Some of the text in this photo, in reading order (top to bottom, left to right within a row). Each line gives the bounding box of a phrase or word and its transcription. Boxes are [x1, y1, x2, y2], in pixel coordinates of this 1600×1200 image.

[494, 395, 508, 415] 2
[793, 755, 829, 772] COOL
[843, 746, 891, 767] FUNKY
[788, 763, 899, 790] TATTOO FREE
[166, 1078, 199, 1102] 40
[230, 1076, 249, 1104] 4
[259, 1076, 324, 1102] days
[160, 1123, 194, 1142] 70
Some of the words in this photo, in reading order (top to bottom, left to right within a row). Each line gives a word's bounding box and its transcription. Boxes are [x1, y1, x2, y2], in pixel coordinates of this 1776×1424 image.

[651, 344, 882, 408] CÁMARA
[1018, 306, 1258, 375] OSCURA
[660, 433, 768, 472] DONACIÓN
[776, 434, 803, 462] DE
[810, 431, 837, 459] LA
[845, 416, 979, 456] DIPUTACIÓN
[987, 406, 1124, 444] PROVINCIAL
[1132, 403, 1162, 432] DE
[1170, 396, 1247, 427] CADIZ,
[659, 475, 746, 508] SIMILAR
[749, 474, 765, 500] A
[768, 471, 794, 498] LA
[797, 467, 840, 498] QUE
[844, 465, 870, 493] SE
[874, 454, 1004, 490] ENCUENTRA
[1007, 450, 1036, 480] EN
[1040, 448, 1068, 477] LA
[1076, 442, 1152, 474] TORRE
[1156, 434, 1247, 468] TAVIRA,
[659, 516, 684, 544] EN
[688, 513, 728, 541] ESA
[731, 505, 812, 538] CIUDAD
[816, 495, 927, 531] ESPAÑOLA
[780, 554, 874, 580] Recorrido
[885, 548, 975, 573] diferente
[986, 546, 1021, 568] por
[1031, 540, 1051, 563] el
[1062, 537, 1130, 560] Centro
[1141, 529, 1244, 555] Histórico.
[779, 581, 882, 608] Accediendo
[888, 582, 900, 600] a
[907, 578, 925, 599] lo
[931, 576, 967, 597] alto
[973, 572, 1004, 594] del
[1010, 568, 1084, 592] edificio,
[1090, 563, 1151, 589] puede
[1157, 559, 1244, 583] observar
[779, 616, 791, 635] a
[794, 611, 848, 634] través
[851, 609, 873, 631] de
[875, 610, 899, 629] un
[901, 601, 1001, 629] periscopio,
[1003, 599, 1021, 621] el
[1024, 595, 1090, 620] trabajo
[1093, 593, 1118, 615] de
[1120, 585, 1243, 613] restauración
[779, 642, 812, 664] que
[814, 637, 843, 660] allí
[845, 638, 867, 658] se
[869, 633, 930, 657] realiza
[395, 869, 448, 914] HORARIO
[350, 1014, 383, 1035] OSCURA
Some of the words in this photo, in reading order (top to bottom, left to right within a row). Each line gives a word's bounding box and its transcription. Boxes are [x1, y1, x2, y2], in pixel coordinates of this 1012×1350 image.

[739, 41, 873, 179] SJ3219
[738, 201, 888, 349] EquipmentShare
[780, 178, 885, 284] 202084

**********

Type out the entries once more, precisely.

Some of the text in this photo, in reading order (top to bottom, left to right within a row). Each line gives the bounding box of a phrase or word and its transcription. Boxes are [x1, y1, x2, y2], in pixel coordinates of this 1600×1200 image.

[494, 395, 508, 415] 2
[793, 755, 829, 772] COOL
[843, 746, 891, 767] FUNKY
[788, 763, 899, 790] TATTOO FREE
[166, 1078, 199, 1102] 40
[230, 1076, 249, 1104] 4
[259, 1076, 324, 1102] days
[160, 1123, 194, 1142] 70
Some of the words in this photo, in reading order (top to bottom, left to right within a row). Each line gives a word's bounding box and its transcription. Boxes are [x1, y1, x2, y2], in pixel coordinates of this 1776×1424 image.

[651, 344, 882, 408] CÁMARA
[1018, 306, 1258, 375] OSCURA
[660, 433, 768, 472] DONACIÓN
[776, 434, 803, 462] DE
[810, 431, 837, 459] LA
[845, 416, 979, 456] DIPUTACIÓN
[987, 406, 1124, 444] PROVINCIAL
[1132, 403, 1162, 432] DE
[1170, 396, 1247, 427] CADIZ,
[659, 475, 746, 508] SIMILAR
[749, 474, 765, 500] A
[768, 471, 794, 498] LA
[797, 467, 840, 498] QUE
[844, 465, 870, 493] SE
[874, 454, 1004, 490] ENCUENTRA
[1007, 450, 1036, 480] EN
[1040, 448, 1068, 477] LA
[1076, 442, 1152, 474] TORRE
[1156, 434, 1247, 468] TAVIRA,
[659, 516, 684, 544] EN
[688, 513, 728, 541] ESA
[731, 505, 812, 538] CIUDAD
[816, 495, 927, 531] ESPAÑOLA
[780, 554, 874, 580] Recorrido
[885, 548, 975, 573] diferente
[986, 546, 1021, 568] por
[1031, 540, 1051, 563] el
[1062, 537, 1130, 560] Centro
[1141, 529, 1244, 555] Histórico.
[779, 581, 882, 608] Accediendo
[888, 582, 900, 600] a
[907, 578, 925, 599] lo
[931, 576, 967, 597] alto
[973, 572, 1004, 594] del
[1010, 568, 1084, 592] edificio,
[1090, 563, 1151, 589] puede
[1157, 559, 1244, 583] observar
[779, 616, 791, 635] a
[794, 611, 848, 634] través
[851, 609, 873, 631] de
[875, 610, 899, 629] un
[901, 601, 1001, 629] periscopio,
[1003, 599, 1021, 621] el
[1024, 595, 1090, 620] trabajo
[1093, 593, 1118, 615] de
[1120, 585, 1243, 613] restauración
[779, 642, 812, 664] que
[814, 637, 843, 660] allí
[845, 638, 867, 658] se
[869, 633, 930, 657] realiza
[395, 869, 448, 914] HORARIO
[350, 1014, 383, 1035] OSCURA
Some of the words in this photo, in reading order (top to bottom, left to right within a row). Each line gives a word's bounding box and its transcription. Boxes are [x1, y1, x2, y2], in pixel coordinates of this 1012×1350 image.

[739, 41, 873, 179] SJ3219
[738, 201, 888, 349] EquipmentShare
[780, 178, 885, 284] 202084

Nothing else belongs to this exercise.